Na ----------> Na+ +1e-

if you imaginize it other way around neutral Cl(chlorine) atom become negative charge ion for its accept a electron but its proton do not go anywhere. a case of excess of electrons.
Cl + e- ------------> Cl-

and i think the case is same when we say something is negative charge( have predominant electrons) or positive charge( have fewer electrons).

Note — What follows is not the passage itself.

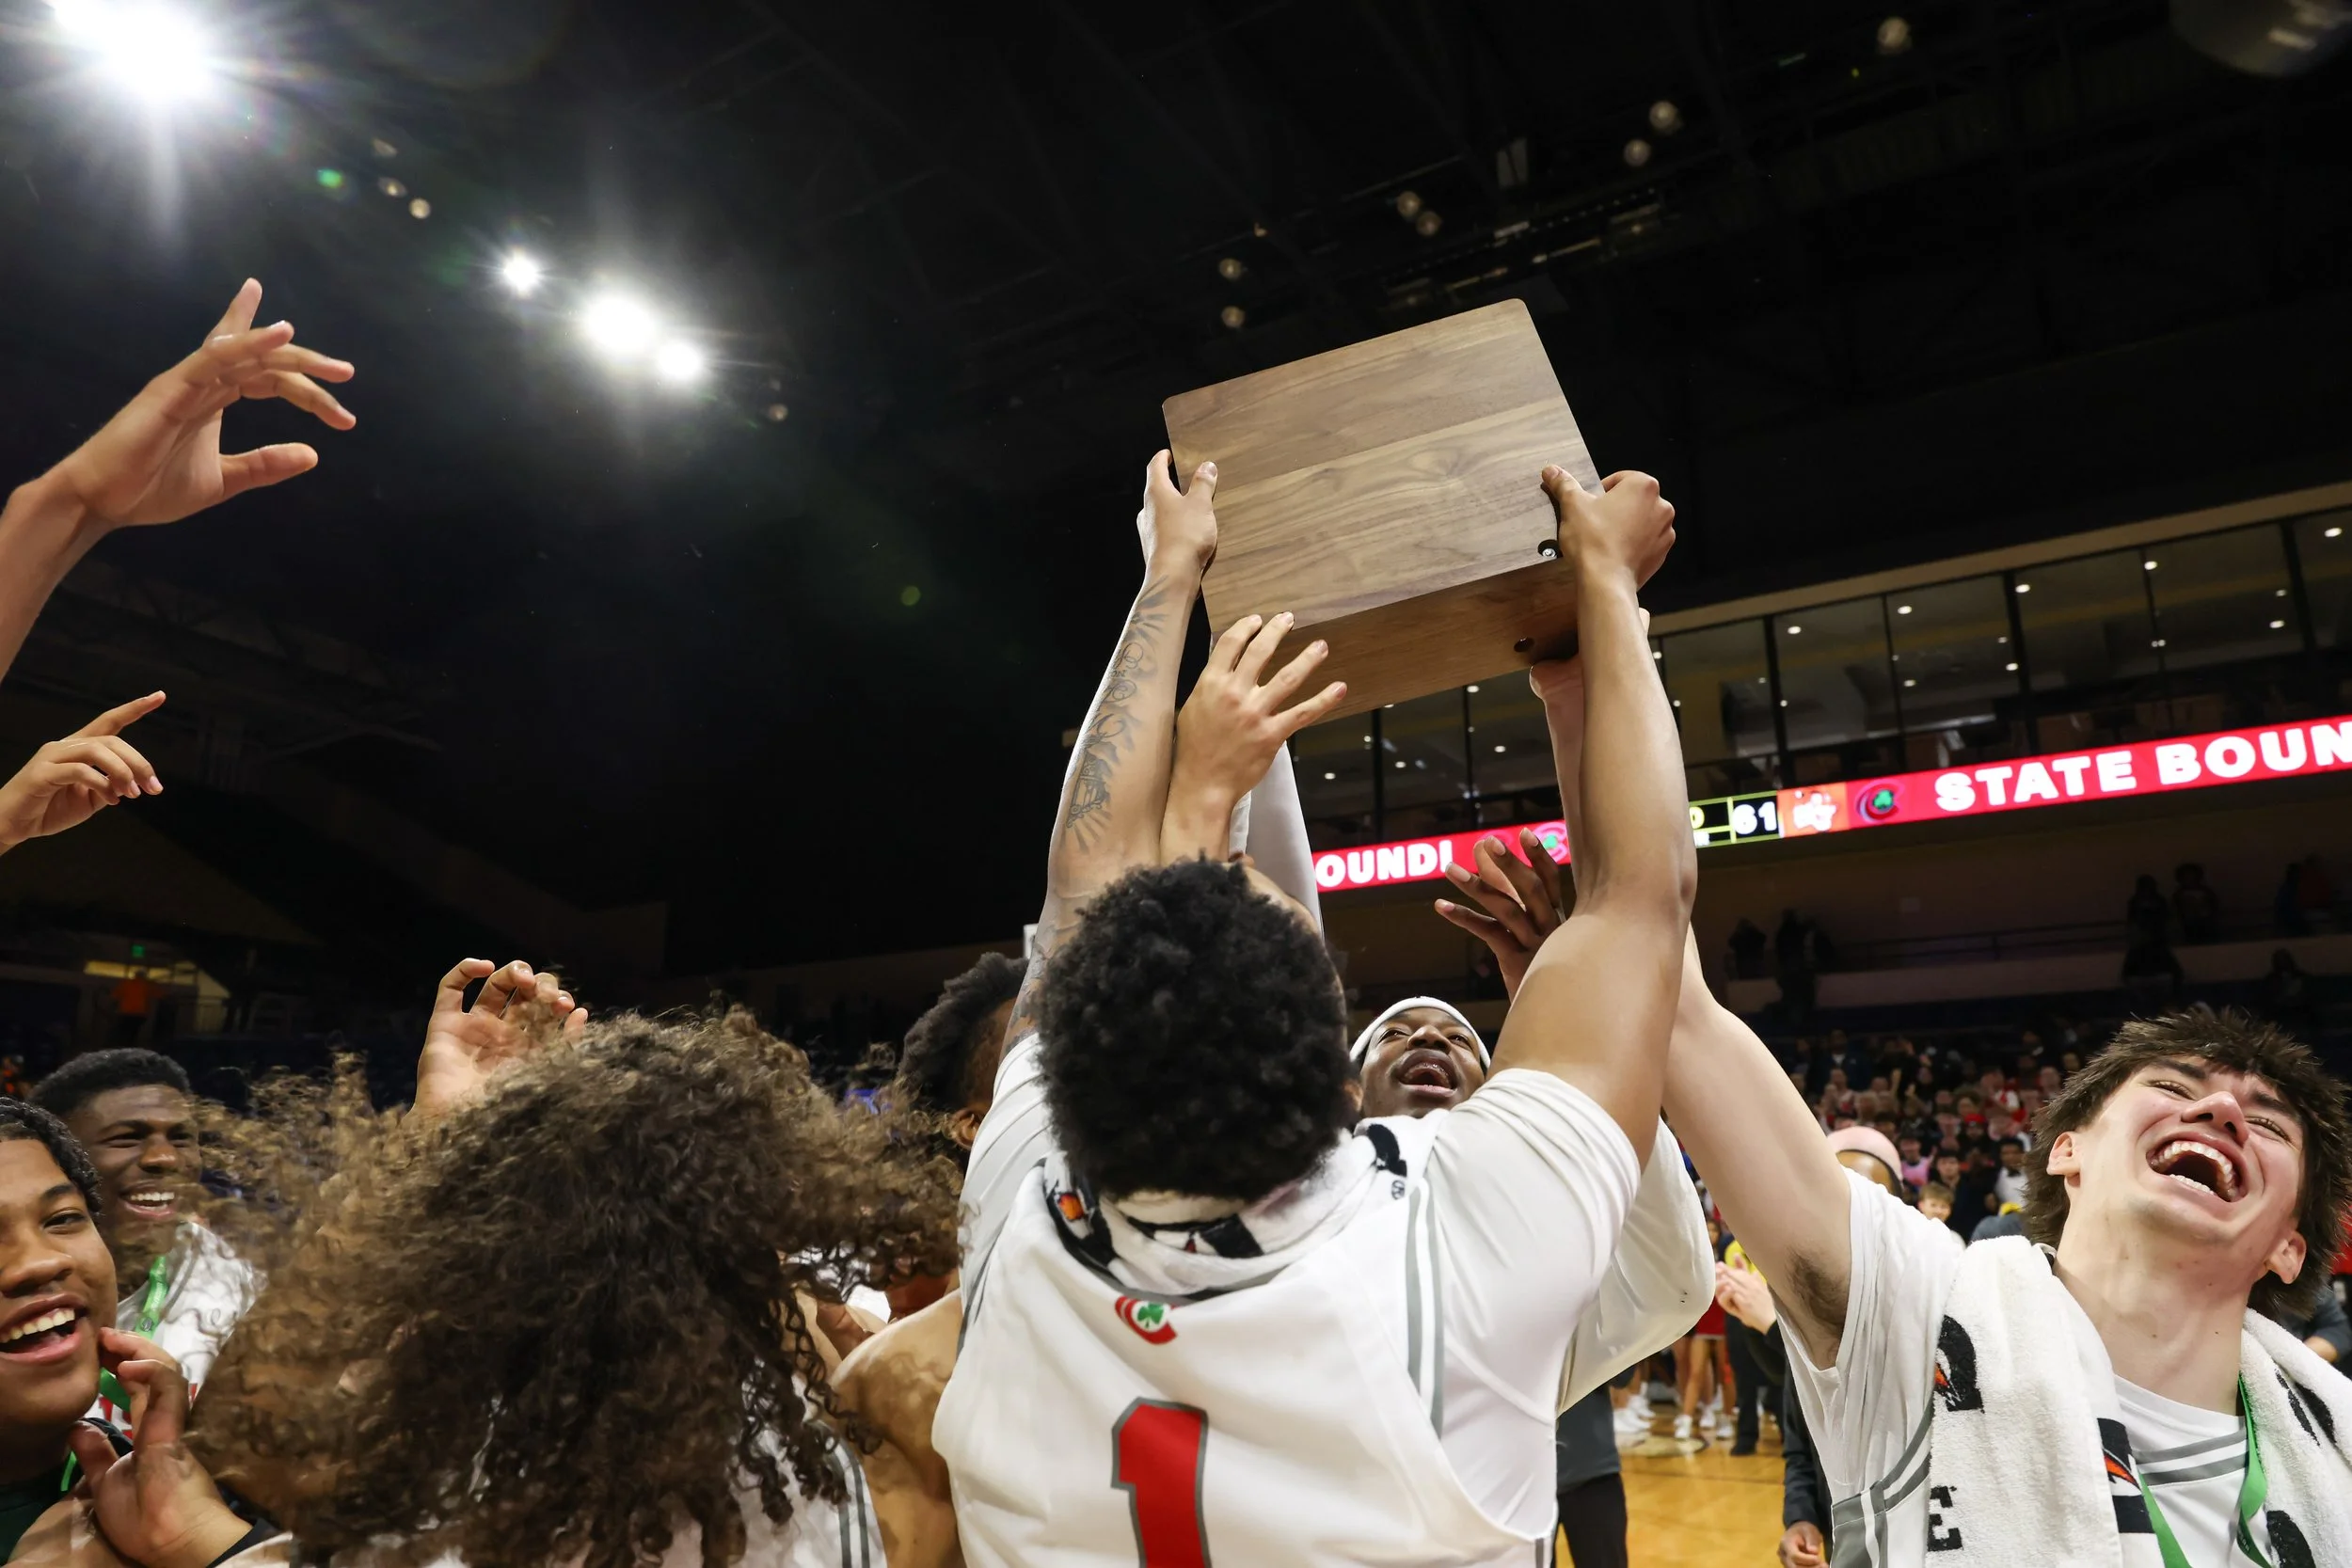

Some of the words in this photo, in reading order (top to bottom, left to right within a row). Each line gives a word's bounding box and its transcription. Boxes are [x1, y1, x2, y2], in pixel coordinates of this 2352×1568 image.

[1934, 750, 2137, 812] STATE
[1732, 801, 1778, 835] 61
[1111, 1397, 1211, 1568] 1

am i right? all about the charge.
• You're partially correct, let me explain why so, only electron can transferred and not proton not because of electron is light and proton is heavy in weight, it is because energy required to pluck an electron from a neutral atom is way more less that that of proton. Energy required to pluck the Proton is very high because Protons reside inside the nucleus. And that of electrons they revolve around the nucleus in orbits(path), hence electrons are easy to be removed from atom. We need to give very very high energy to remove a proton from nucleus. Therefore electrons are used to deal the transfer of charge
• what is quantization of charge
• Charge only comes in countable numbers. The smallest amount of charge that has ever been observed is the charge on the electron and/or the charge on the proton (both the same amount, but opposite type). Hence the term "quantization of charge." Quantum or "quantized" means that it is numbered or integer-countable (can come in -1, 0, 1, 2, 3, etc. but not 1.5 or pi, etc), and a quantum is essentially one of those quantized objects. The total charge on a charged object is therefore the number of individual charges, all of which are either electrons or protons, multiplied by the charge on one of them. This explains the existence of the following equation:

Q=n*e
• what is the role of prtotons if only electrons move
• The protons are just...there in atoms.
Their role is to generate an electric force to bind the electrons to an atom, simply put. Every-Single-Atom have them.
About their origin, I think we would have to focus upon the theory of conservation of charge, which states that the net charge of a closed system remains constant overtime. So, from and after the formation of the universe, we can reasonably assume that whatever caused the formation of electron must also have simultaneously (at the same time) produced a positive charged particle (let it be a sub-atomic particle or something, I don't know the exact name, because I don't know much, if any, about quantum physics.) , thus neutralizing the effect the generation of the electron might have had upon the total charge of the universe. This mystery particle (might not be a mystery today anymore) might have been the proton itself, or something which gave the positive charge for the proton.